• [INSTRUCTIONS FOR THE TASK] Although the entries contain pictures, copy only their text, exactly as written.

** Opening RECORD EXTRACTS block **

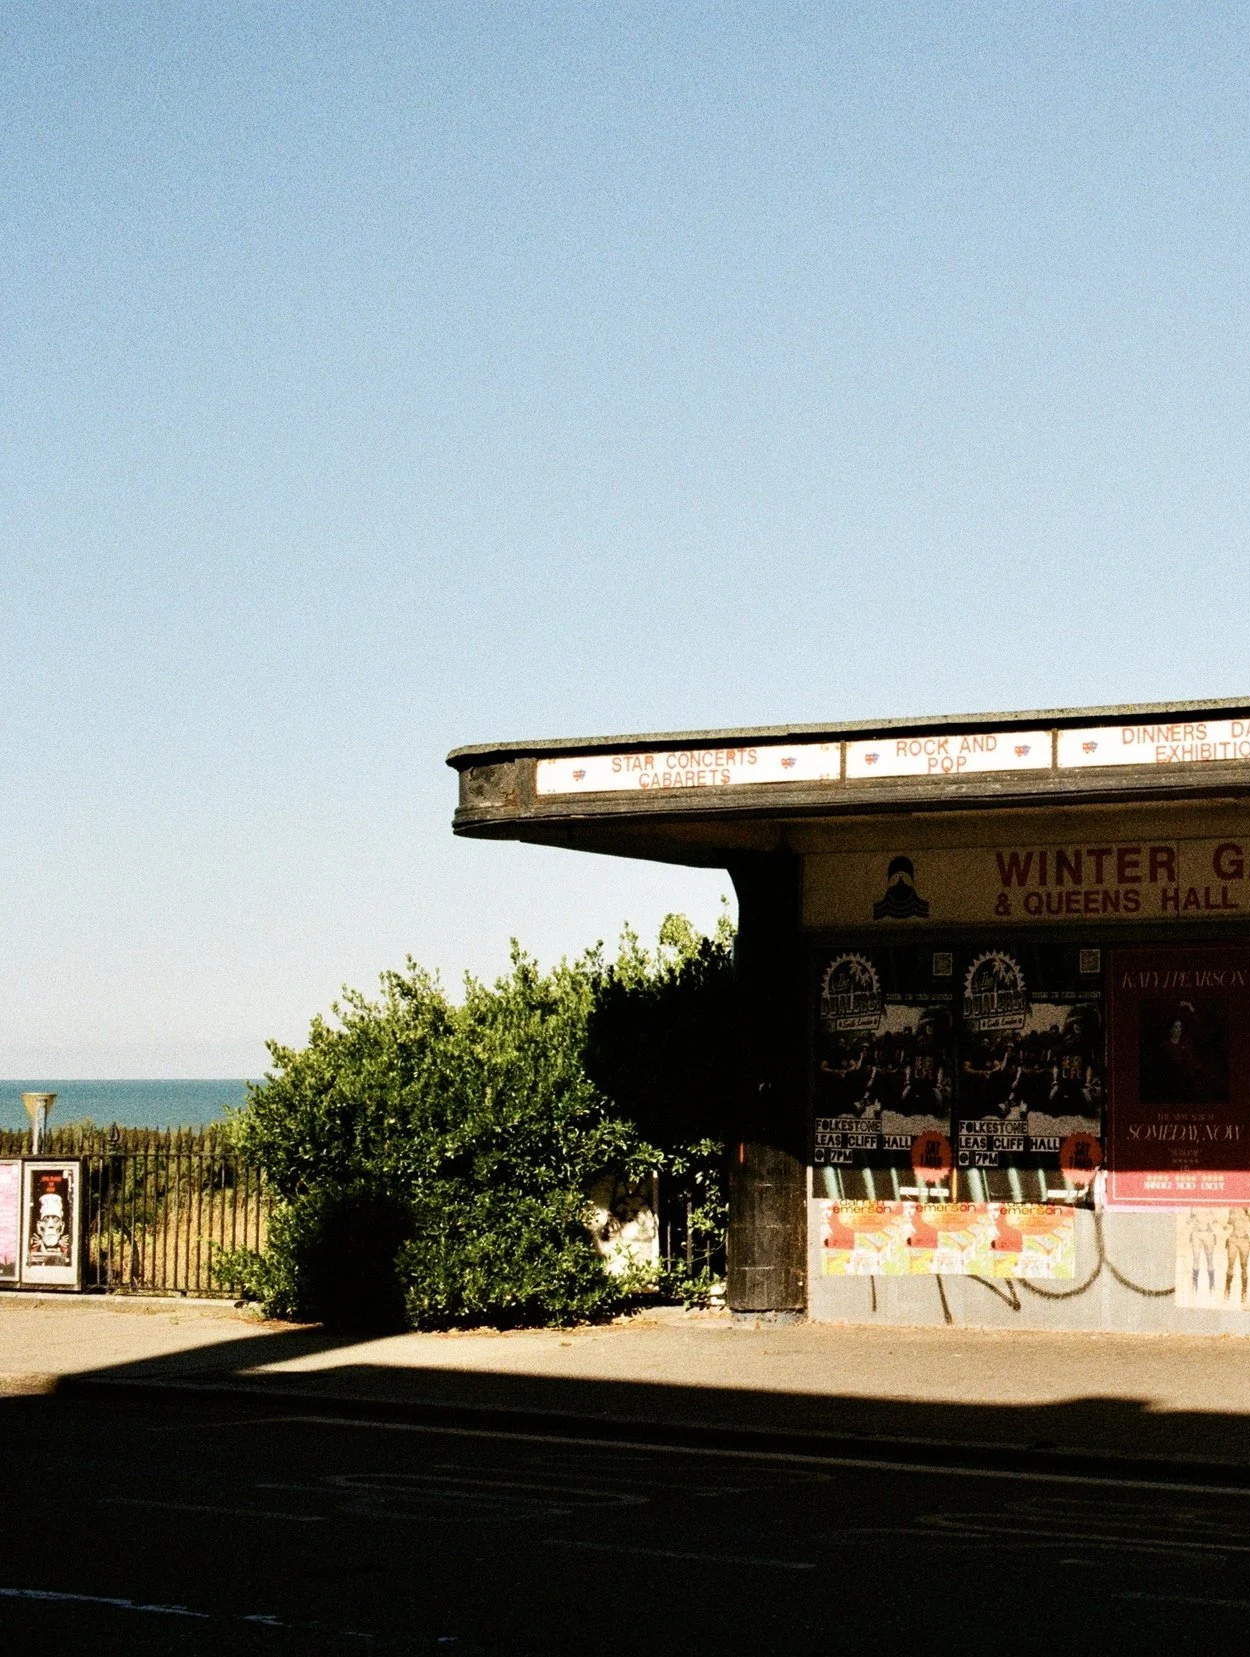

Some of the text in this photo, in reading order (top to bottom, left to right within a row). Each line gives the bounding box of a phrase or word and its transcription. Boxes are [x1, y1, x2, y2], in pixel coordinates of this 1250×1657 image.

[1122, 723, 1208, 745] DINNERS
[896, 735, 998, 757] ROCK AND
[611, 748, 758, 773] STAR CONCERTS
[927, 755, 968, 774] POP
[638, 769, 731, 789] CABARETS
[995, 845, 1177, 887] WINTER
[995, 885, 1239, 916] & QUEENS HALL
[1172, 969, 1248, 988] PEARSON
[816, 1119, 882, 1132] FOLKESTONE
[959, 1121, 1028, 1134] FOLKESTONE
[1202, 1123, 1246, 1141] NOW
[816, 1135, 911, 1149] LEAS CLIFF HALL
[959, 1137, 1060, 1150] LEAS CLIFF HALL
[815, 1149, 853, 1161] @ 7PM
[959, 1152, 998, 1164] @ 7PM
[832, 1205, 892, 1214] emerson
[915, 1204, 977, 1213] emerson
[1000, 1206, 1063, 1216] emerson
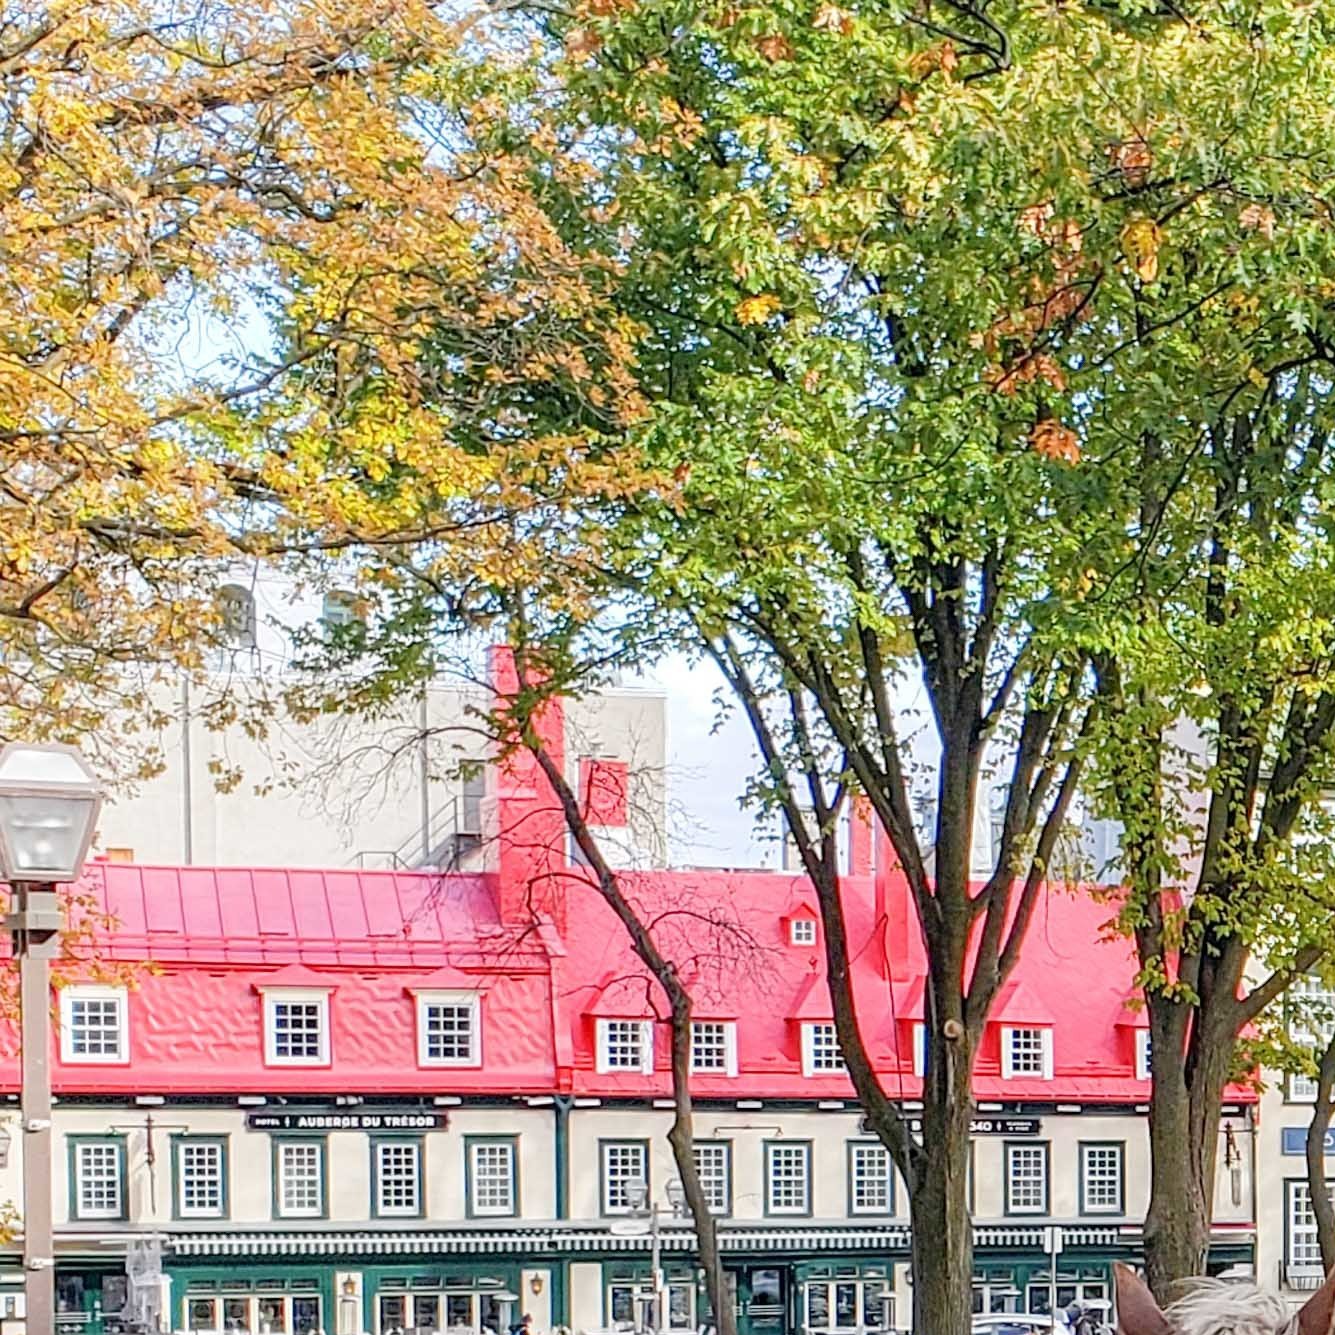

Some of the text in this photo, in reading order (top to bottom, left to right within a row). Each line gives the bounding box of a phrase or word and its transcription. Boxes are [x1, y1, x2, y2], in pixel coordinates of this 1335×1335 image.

[297, 1116, 359, 1128] AUBERGE
[362, 1117, 382, 1128] DU
[384, 1115, 435, 1127] TRÉSOR
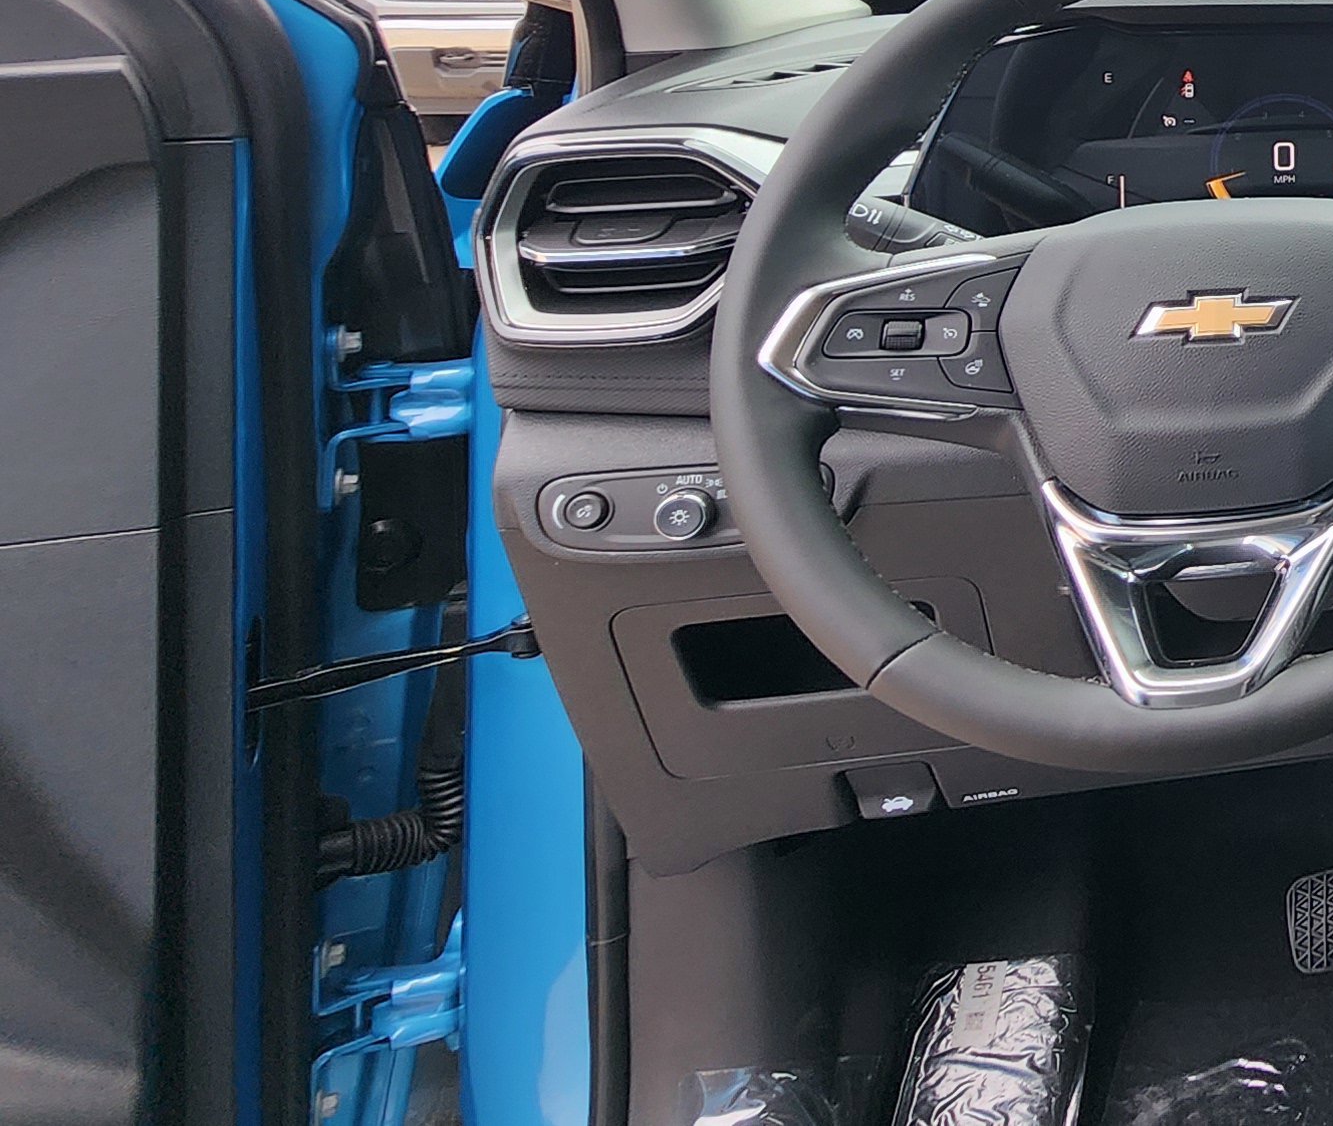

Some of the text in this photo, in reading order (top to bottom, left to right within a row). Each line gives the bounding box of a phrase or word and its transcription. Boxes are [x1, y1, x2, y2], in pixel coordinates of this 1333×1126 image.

[1104, 73, 1113, 84] E
[1273, 141, 1296, 171] 0
[1107, 175, 1115, 184] F
[1273, 174, 1296, 184] MPH
[899, 293, 916, 302] RES
[890, 368, 906, 377] SET
[675, 474, 703, 486] AUTO
[962, 788, 1019, 803] AIRBAG
[972, 965, 997, 999] 5461
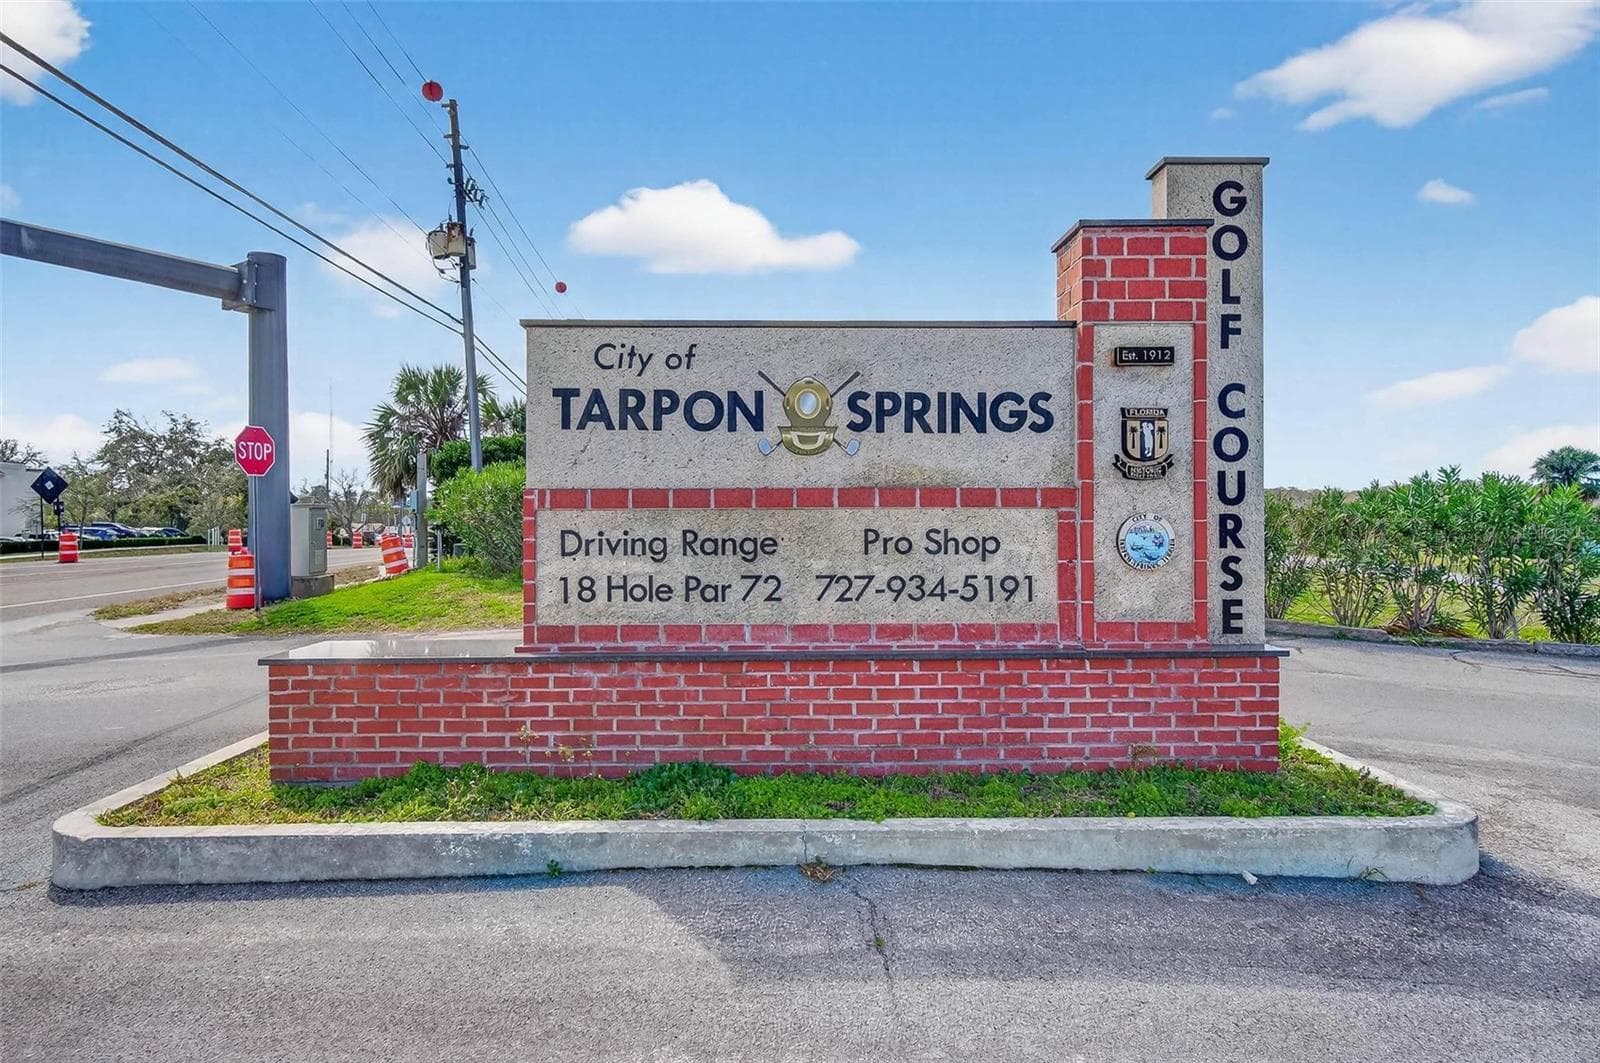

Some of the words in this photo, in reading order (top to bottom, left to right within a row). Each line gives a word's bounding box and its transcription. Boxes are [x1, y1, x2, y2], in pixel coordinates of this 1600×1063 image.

** Closing RECORD EXTRACTS block **

• [EXERCISE OUTPUT]
Some of the text in this photo, in reading order (top to bottom, left to right within a row). Each line gives the bounding box of a phrase or word and its transcription. Boxes are [x1, y1, x2, y2], in pixel coordinates of this 1250×1657 image.

[1122, 723, 1208, 745] DINNERS
[896, 735, 998, 757] ROCK AND
[611, 748, 758, 773] STAR CONCERTS
[927, 755, 968, 774] POP
[638, 769, 731, 789] CABARETS
[995, 845, 1177, 887] WINTER
[995, 885, 1239, 916] & QUEENS HALL
[1172, 969, 1248, 988] PEARSON
[816, 1119, 882, 1132] FOLKESTONE
[959, 1121, 1028, 1134] FOLKESTONE
[1202, 1123, 1246, 1141] NOW
[816, 1135, 911, 1149] LEAS CLIFF HALL
[959, 1137, 1060, 1150] LEAS CLIFF HALL
[815, 1149, 853, 1161] @ 7PM
[959, 1152, 998, 1164] @ 7PM
[832, 1205, 892, 1214] emerson
[915, 1204, 977, 1213] emerson
[1000, 1206, 1063, 1216] emerson

Some of the text in this photo, in reading order (top to bottom, left to right within a row). Each line gives the bounding box of a phrase or word and its transcription. Boxes are [x1, y1, x2, y2], in pixel coordinates of this 1335×1335 image.

[297, 1116, 359, 1128] AUBERGE
[362, 1117, 382, 1128] DU
[384, 1115, 435, 1127] TRÉSOR

Some of the text in this photo, in reading order (top to bottom, left to right within a row). Each line gives the bounding box of a phrase or word and its transcription. Boxes are [x1, y1, x2, y2], in pixel coordinates of this 1333×1126 image.

[1104, 73, 1113, 84] E
[1273, 141, 1296, 171] 0
[1107, 175, 1115, 184] F
[1273, 174, 1296, 184] MPH
[899, 293, 916, 302] RES
[890, 368, 906, 377] SET
[675, 474, 703, 486] AUTO
[962, 788, 1019, 803] AIRBAG
[972, 965, 997, 999] 5461

Some of the words in this photo, in reading order (top to bottom, left to right within a row). Each line gives a word's bounding box and its transcription. Boxes are [x1, y1, x2, y2], in pixel coordinates of this 1600×1063 image.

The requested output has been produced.